Laura Woolsey Lord Scales (November 13, 1879 - June 12, 1990) was an American educator, college dean and supercentenarian who served as the Dean of Students of Smith College from 1922 to 1944.

==Biography==
Scales was the daughter of John King Lord (1848–1926), a historian who served as acting president of Dartmouth College in 1892 and 1893; her two brothers became a professor of anatomy and a publisher. She graduated from Smith College in 1901 and in 1908 married Robert Leighton Scales (1880–1912), a lawyer and former English instructor at Dartmouth who coauthored the debate book Argumentation and Debate. In 1913, after Scales' death, she became an instructor at Boston's Museum of Fine Arts, before resigning in 1920 to become dean of women at the Carnegie Institute of Technology.
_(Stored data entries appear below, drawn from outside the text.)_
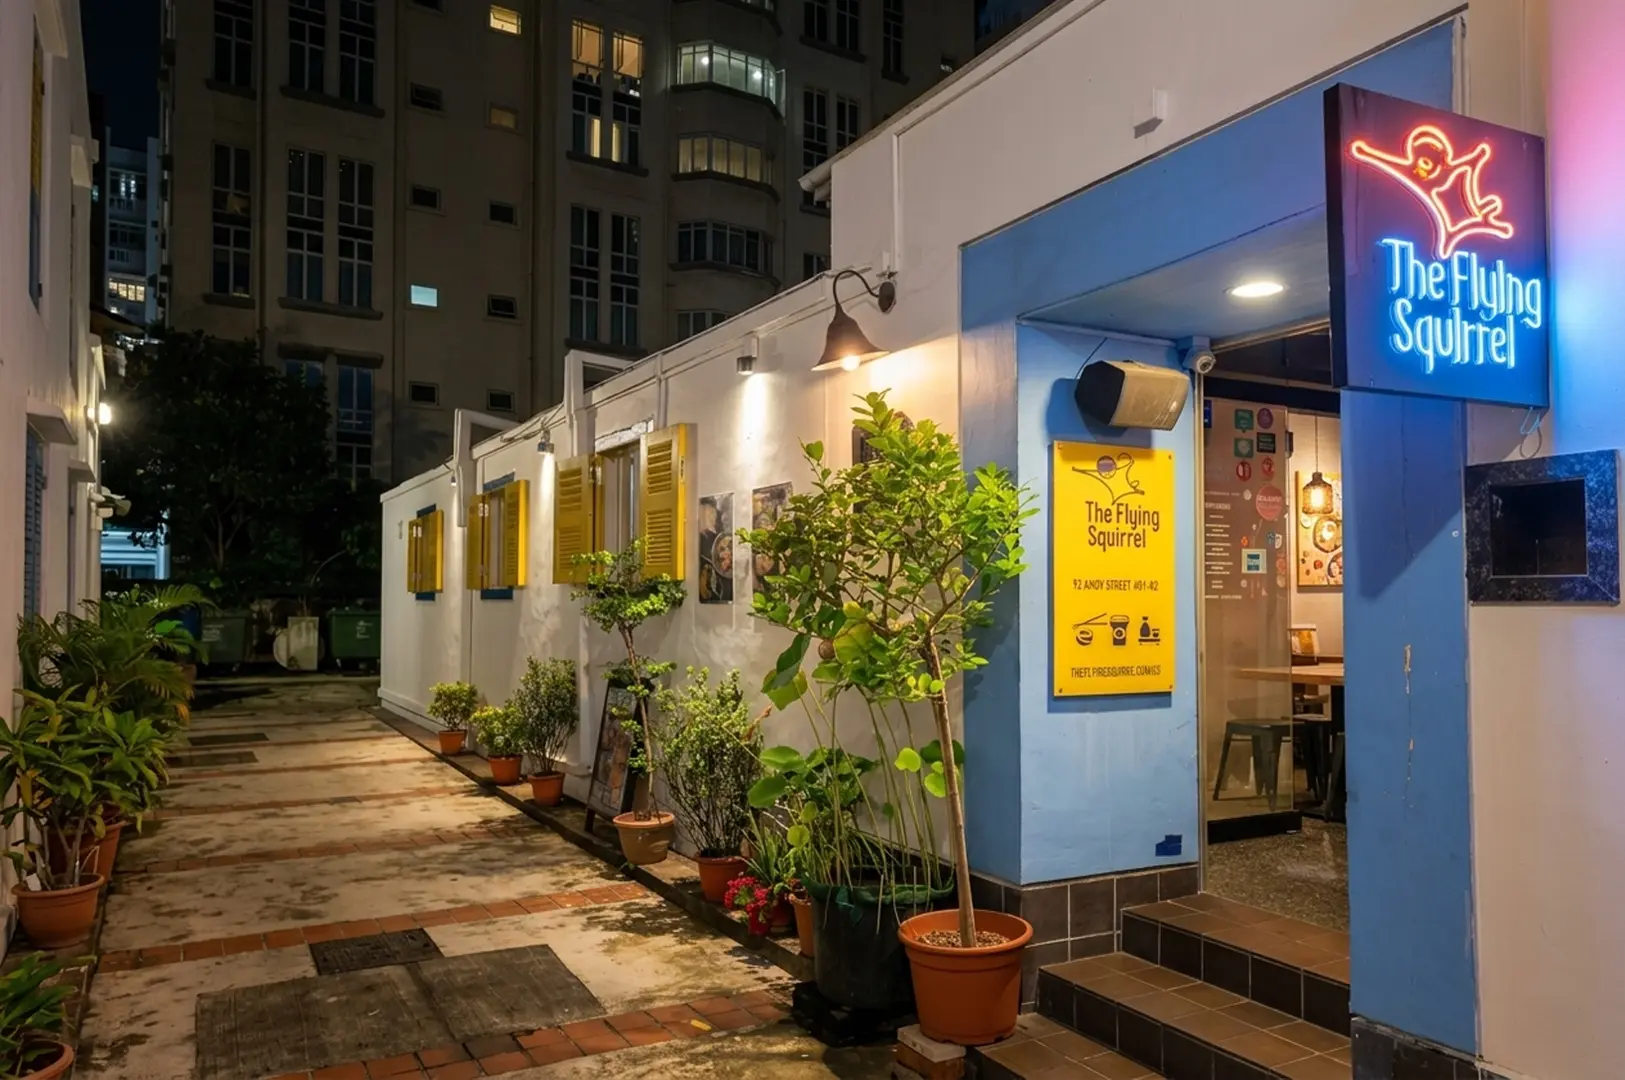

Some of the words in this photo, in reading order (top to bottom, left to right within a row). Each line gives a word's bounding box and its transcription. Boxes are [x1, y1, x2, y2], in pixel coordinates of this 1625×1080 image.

[1381, 238, 1445, 300] The
[1085, 500, 1113, 524] The
[1116, 502, 1160, 533] Flying
[1088, 525, 1146, 553] Squirrel
[1072, 578, 1082, 590] 92
[1106, 579, 1132, 592] STREET
She then returned to Smith, where she served as dean of students for 22 years (1922-1944). In order to create a sense of community spirit, Scales instituted a policy that all students live on the campus.

Scales died in 1990 aged 110 years and 211 days, one of the oldest people in the world at the time. The Massachusetts legislature issued a resolution in honor of her 110th birthday in 1989. Her papers are archived at Smith College.

==Awards and honors==
Smith gave Scales an honorary doctorate of humane letters in 1931, and Dartmouth College awarded her an honorary doctorate in literature eight years later. In 1936, Smith College named a newly built dormitory the Laura Scales House; notable residents have included Gloria Steinem.

== Selected publications ==
- Scales, Laura Woolsey Lord (1922). "Boys of the Ages, their dreams and their crafts. [With illustrations.]"
- Scales, Laura W. L. (1917). "The Museum's Part in the Making of Americans"
- Scales, Laura W. L. (1922). "Shall We Fear the Large College?"